Carrying out ALSEP

Alan Bean carries the two ALSEP packages attached at either end of a carry bar

Painting Completed 2001
10 x 15 inches, Acrylic on Aircraft Board

I can remember my building frustration as I carried the ALSEP. The strong earth gravity kept the two pallets hanging down as I walked along in practice sessions on planet Earth, whereas the light gravity of the Moon allowed the pallet containing the six experiments that I had attached to one end of the carrying pole and the pallet with the nuclear generator that I had attached to the other end of the carrying pole to bounce up and down as I walked out to the deployment site. In fact, I was concerned the carry pole might actually break as it was flexing so much.

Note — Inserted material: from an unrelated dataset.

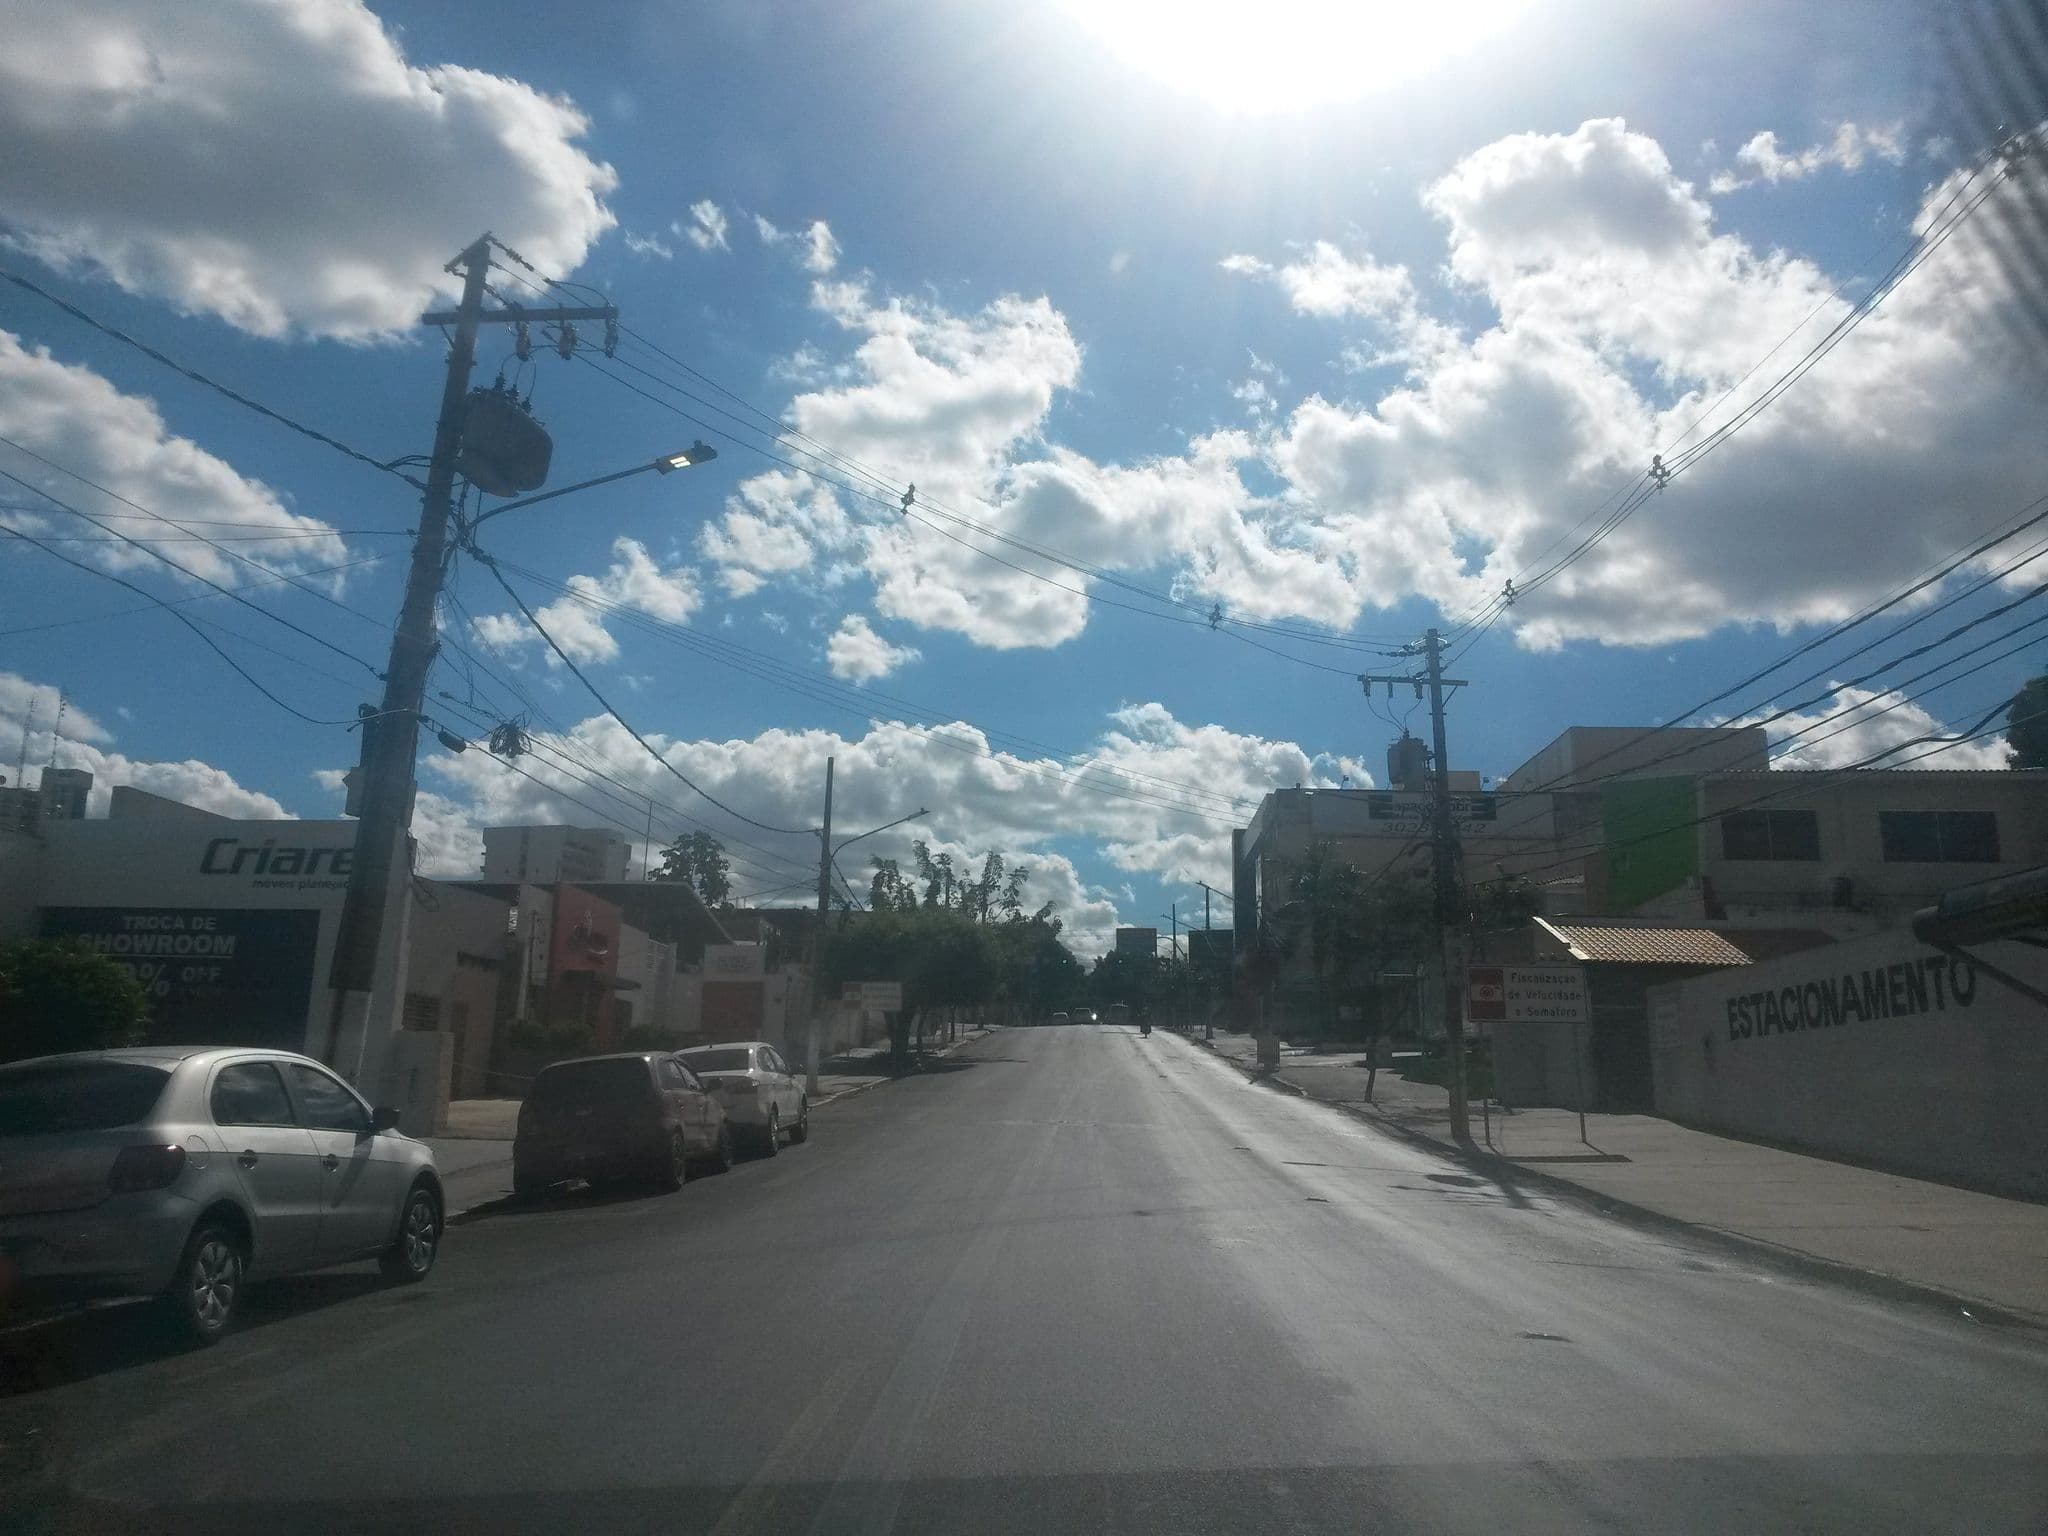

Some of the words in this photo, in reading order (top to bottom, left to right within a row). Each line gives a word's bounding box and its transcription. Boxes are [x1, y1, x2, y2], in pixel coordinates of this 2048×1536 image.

No one had forseen this pronounced difference in dynamics and had not provided adequate attachment fittings. The fittings worked great as the pallets were swinging down, but as they bobbed back up both pallets tended to come right off the end of the carry pole. This was not good because the experiments and the power generator would certainly get contaminated with dirt and might sustain damage. To prevent an ever-increasing bounce, I had to stop walking every few steps. Using this slow walk-then-stand technique, I finally got to the deployment site, the experiments a little dusty but undamaged.

On a more artistic note, this painting is the second in a series of five similar paintings I used to investigate a variety of color ideas. Establishing beautiful and exciting color harmony I find to be the most demanding part of creating any painting. It is a subject so complex and convoluted that I have yet to hear or read an explanation that adequately describes more than a small portion of the problems that must be solved to make a successful painting.